===== Data listing

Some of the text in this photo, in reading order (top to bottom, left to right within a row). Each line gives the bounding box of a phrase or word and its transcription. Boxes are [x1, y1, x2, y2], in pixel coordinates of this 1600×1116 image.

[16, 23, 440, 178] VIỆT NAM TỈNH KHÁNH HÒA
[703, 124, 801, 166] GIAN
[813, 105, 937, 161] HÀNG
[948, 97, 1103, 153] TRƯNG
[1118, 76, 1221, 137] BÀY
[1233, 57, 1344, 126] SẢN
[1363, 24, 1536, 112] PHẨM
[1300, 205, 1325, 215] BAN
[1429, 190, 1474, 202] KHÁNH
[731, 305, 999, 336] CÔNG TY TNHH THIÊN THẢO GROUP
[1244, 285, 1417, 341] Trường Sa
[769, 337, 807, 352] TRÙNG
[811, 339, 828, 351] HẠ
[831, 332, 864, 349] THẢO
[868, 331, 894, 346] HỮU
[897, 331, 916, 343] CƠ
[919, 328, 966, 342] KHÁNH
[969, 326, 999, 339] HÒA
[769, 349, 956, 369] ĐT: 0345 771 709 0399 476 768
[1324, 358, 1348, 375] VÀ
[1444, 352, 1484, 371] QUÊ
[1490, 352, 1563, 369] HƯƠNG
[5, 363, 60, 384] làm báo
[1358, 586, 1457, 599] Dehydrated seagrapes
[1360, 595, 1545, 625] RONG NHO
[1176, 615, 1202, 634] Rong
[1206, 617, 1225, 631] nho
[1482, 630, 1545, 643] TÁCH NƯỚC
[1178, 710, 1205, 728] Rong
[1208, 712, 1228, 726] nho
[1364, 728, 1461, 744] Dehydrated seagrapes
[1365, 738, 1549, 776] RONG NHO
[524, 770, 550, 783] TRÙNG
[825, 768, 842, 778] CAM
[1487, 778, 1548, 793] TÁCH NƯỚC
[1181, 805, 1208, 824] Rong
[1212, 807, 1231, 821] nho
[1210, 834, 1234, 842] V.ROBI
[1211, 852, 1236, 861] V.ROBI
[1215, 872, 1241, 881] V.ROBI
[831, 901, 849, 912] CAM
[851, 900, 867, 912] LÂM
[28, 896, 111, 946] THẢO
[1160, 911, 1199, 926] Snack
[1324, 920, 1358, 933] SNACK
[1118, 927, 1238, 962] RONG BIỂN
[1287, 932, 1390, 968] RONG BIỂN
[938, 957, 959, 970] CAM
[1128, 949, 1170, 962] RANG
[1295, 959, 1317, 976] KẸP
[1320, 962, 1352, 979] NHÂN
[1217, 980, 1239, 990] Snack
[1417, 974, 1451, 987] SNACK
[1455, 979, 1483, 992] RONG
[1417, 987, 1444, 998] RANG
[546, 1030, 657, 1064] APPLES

==========

• **Assignment**:
Check the records above and copy each line that has the string "THẢO".

• **Output**:
[731, 305, 999, 336] CÔNG TY TNHH THIÊN THẢO GROUP
[831, 332, 864, 349] THẢO
[28, 896, 111, 946] THẢO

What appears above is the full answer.